We were broodkin once, but we do our best to forget it. The larval stages post-hatching are quite disgusting. Before we develop our limbs we are nothing but sharp slithering things consuming everything in our path - including members of other broods if they stray too close. Broodkin are creatures only a brood matriarch could have any measure of affection for.
In addition to being nasty to look at and to encounter, brood sites lay waste to the surrounding terrain. Every bit of nutrition is harvested by the larval creatures. We have left more planets than I care to number nothing more than dead rocks by using them as brood sites. If Sythkin command discovers that Earth is empty, what little is left of it will soon be covered by laying matriarchs and their creeping larvae.
“I don’t think it’s human,” Tarkan says yet again. He seems to think any place that doesn’t have a television in it can’t possibly be human. That was true for a period, I suppose.
“Look, there are tools here,” I point out. “There’s a fire pit. For cooking.”
“Could still be an ape or monkey. It’s been a while. Maybe they worked it out.”
“Some apes make tools, but only humans re-use tools. Humans have the developed pre-frontal cortex to be able to vi
sualize a future where they will need them again. Lesser primates don’t have the same ability to throw their minds into potential futures.”
Tarkan shrugs. He remains unconvinced because his senses are dulled by the suit. He can’t smell properly wearing it. He can’t feel the world around him. Tarkan is a very sensually oriented Scythkin. He doesn’t think. He collects environmental data and then he acts. Usually violently. That means that observing an environment and drawing conclusions is not his strong suit.
I’ve insisted we keep wearing the suits even though the planet does seem to be more or less completely empty. If we do find humans, we don’t want to scare them to death.
“It is a human, and it has cooked recently. There’s grease and fur on the griddle,” I point out.
He bends down and tries to sniff. When that doesn’t work, he pulls a piece of blackened fur from the metal and puts it in his mouth.
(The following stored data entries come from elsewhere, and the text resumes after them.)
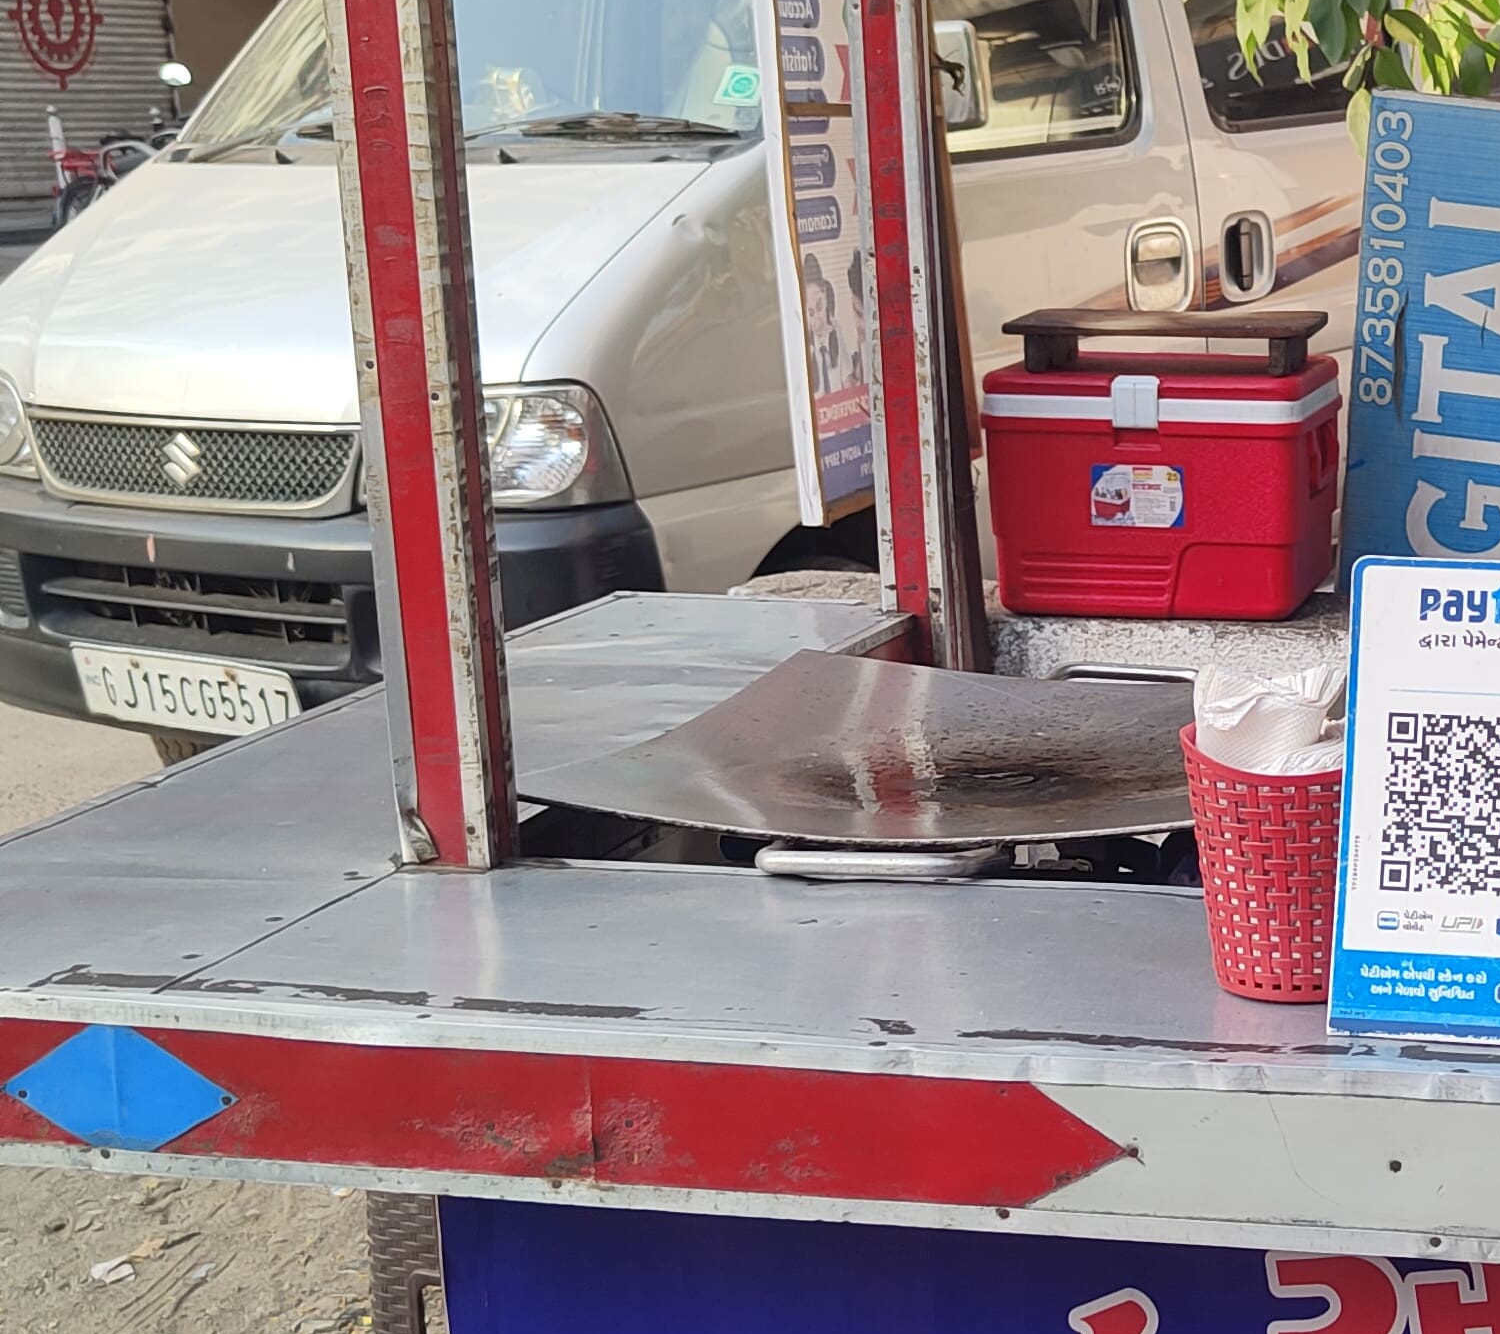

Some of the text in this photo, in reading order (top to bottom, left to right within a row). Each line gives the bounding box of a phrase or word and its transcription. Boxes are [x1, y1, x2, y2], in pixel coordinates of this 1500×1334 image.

[1358, 109, 1414, 407] 8735810403
[102, 666, 289, 726] GJ15CG5517
[1440, 915, 1484, 931] UPI
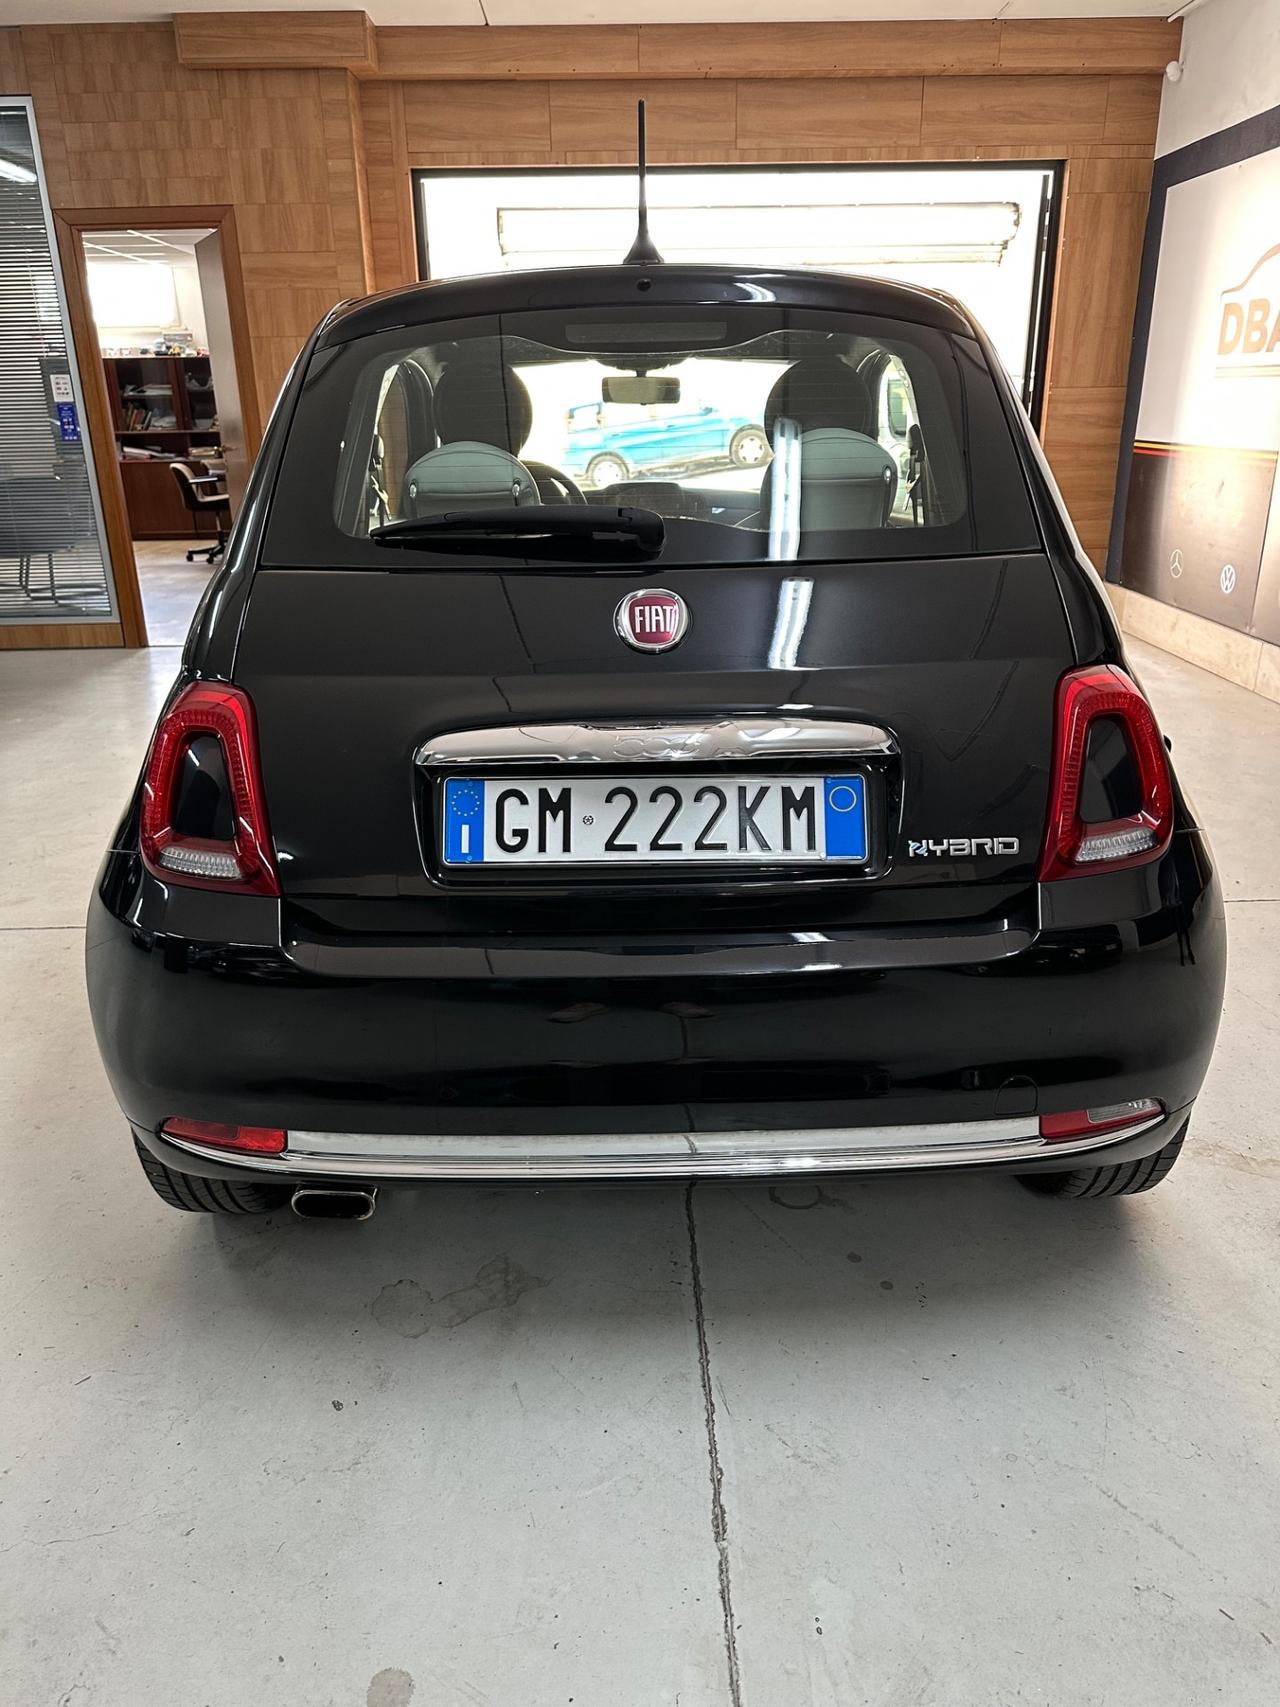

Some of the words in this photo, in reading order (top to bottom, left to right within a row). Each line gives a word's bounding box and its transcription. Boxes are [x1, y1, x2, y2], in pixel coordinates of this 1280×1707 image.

[634, 605, 676, 633] FIAT
[495, 787, 572, 853] GM
[604, 785, 817, 852] 222KM
[908, 837, 1020, 857] HYBRID
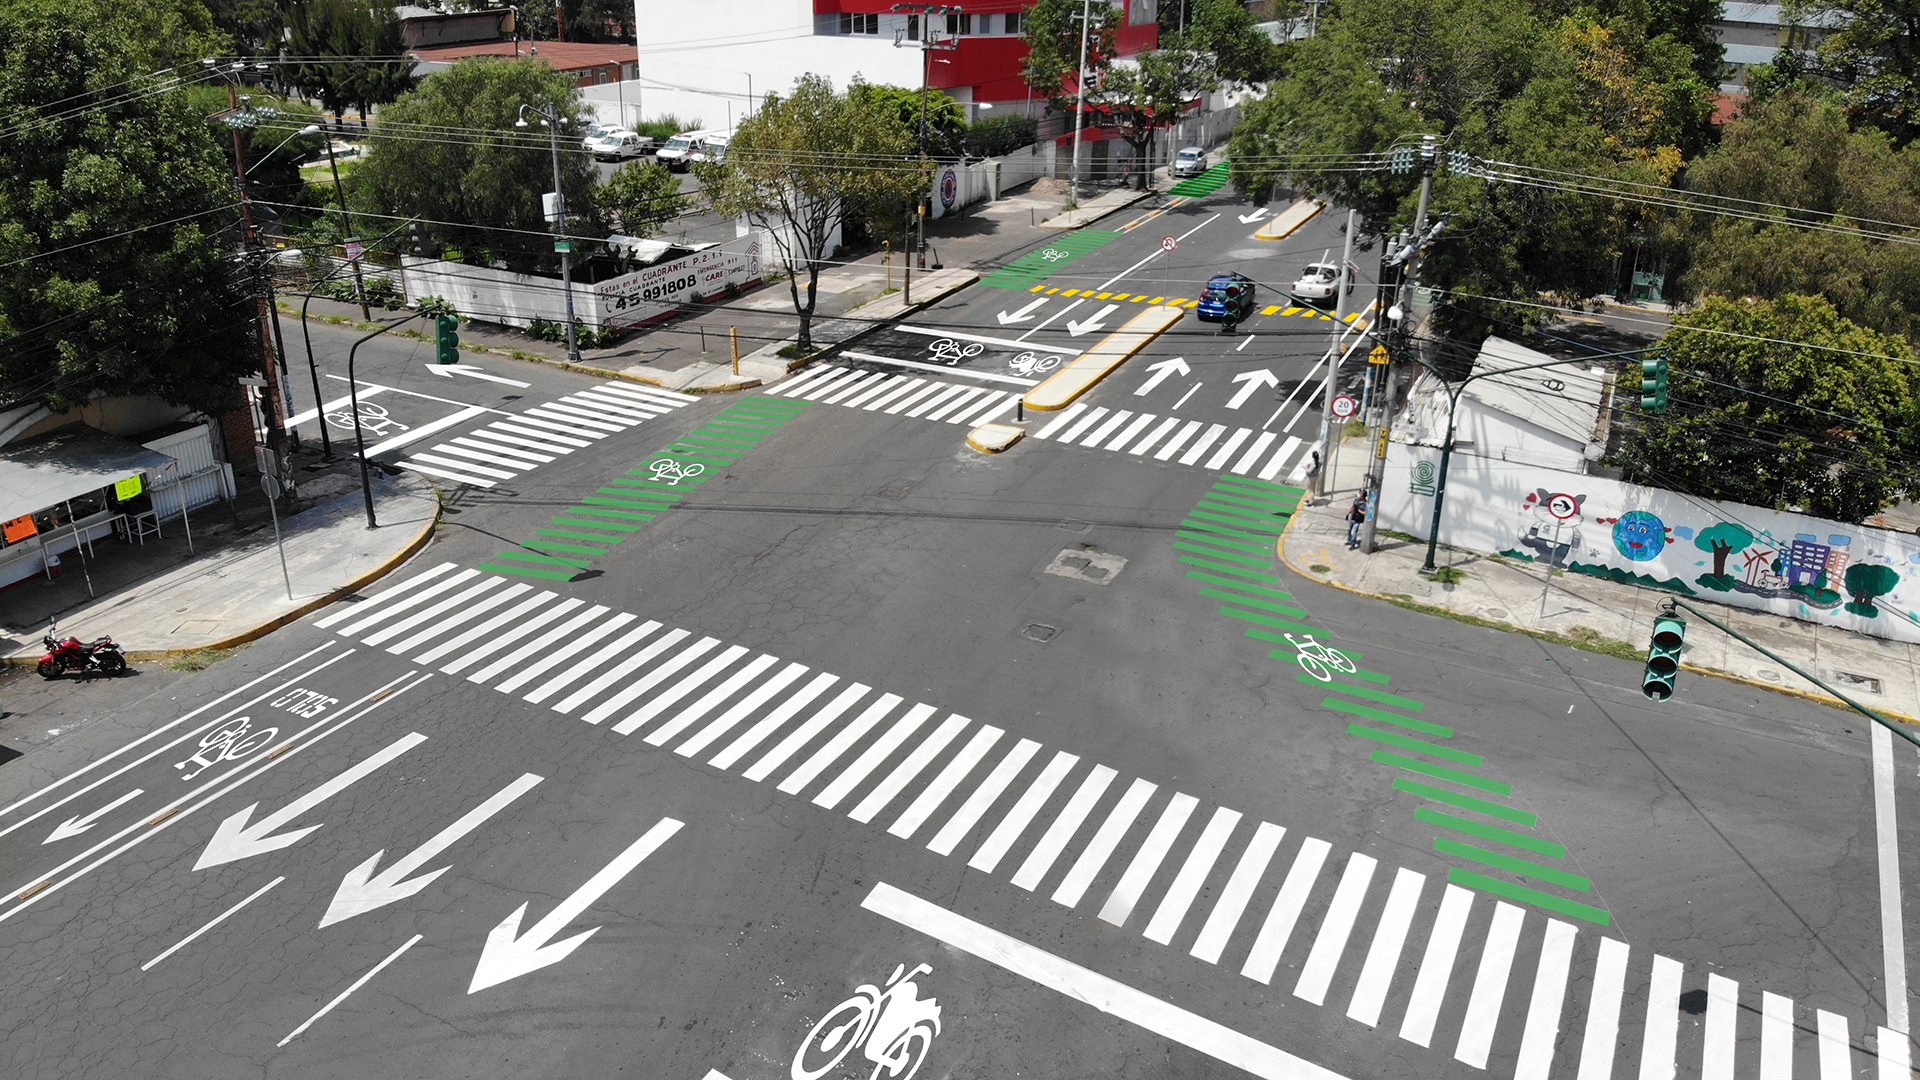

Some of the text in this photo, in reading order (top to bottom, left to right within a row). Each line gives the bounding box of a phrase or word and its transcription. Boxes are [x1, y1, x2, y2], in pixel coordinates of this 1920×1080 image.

[622, 280, 631, 288] en
[632, 276, 638, 284] el
[642, 261, 687, 281] CUADRANTE
[706, 271, 723, 281] CARE
[629, 277, 666, 293] CUADRANTE
[1338, 400, 1349, 408] 20
[270, 688, 339, 719] SOLO
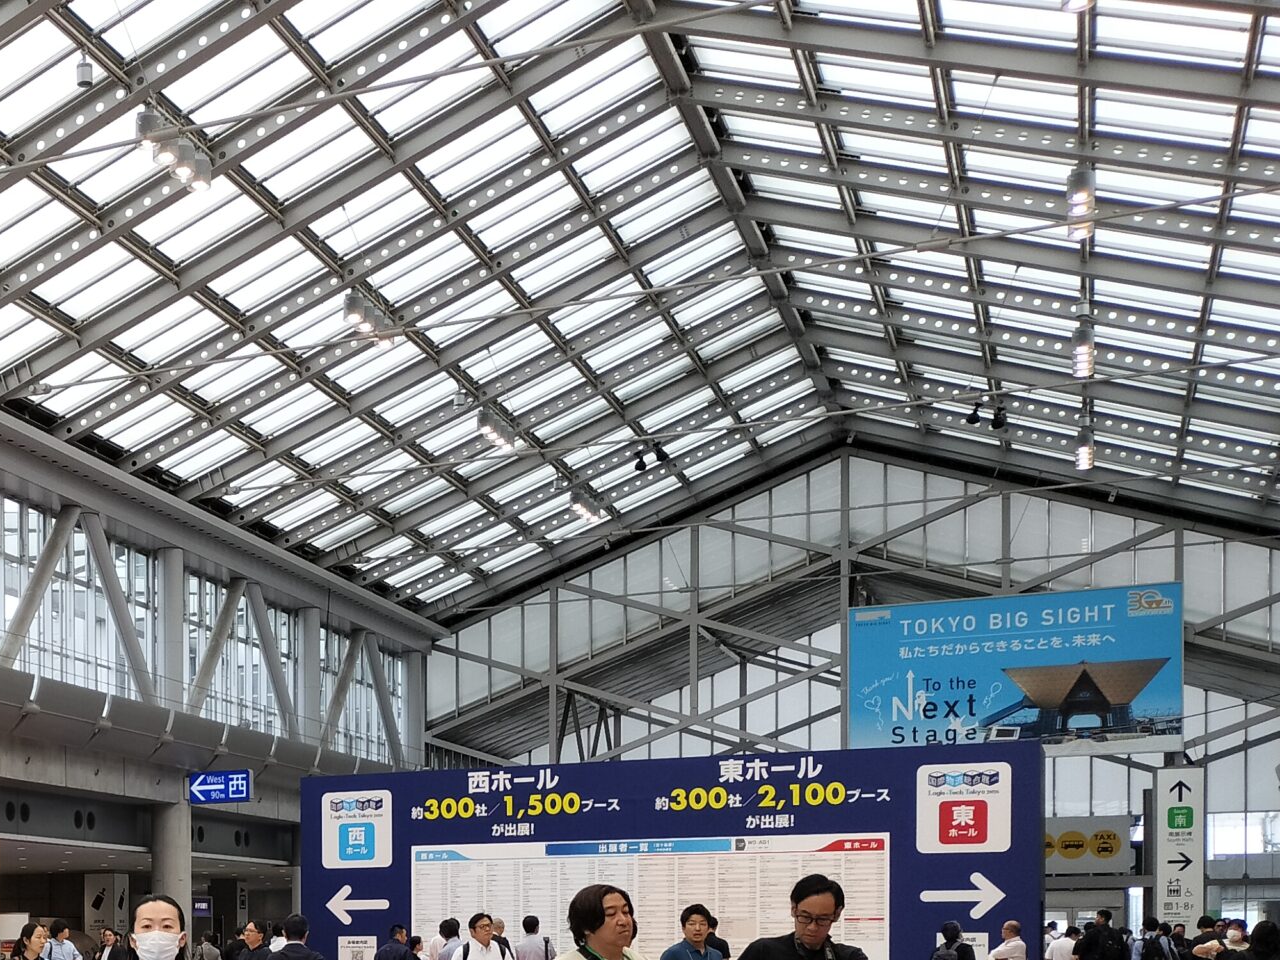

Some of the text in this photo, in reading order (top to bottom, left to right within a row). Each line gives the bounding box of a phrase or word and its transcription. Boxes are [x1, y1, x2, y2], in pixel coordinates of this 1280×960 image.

“Rodent fur,” he snorts. “You’re going to tell me a human is eating rats? They used to have such incredible cuisine, do you remember? Endless combinations of various ingredients. We would eat and mate and eat and mate again. Remember, Thragnar split his human suit entirely once because he’d gorged himself on Tiramisu.”
“Yes!” I laugh. “We had to purge that entire restaurant of humans, the ones who survived the shock of seeing what he was, anyway.”
“Huge mistake. Should have taken them with us. Wish we had. We would have had a stable of humans to breed from,” Tarkan says.
“Against regulations to do that.”
“Do we really care about regulations? Look at this place. If we’d broken the rules once or twice, we might have been able to stop them from getting to this point. Best sex in the universe, and we’re here in the rodent infested dirt hoping to find a single female, which isn’t likely. We’re probably going to find useless males.”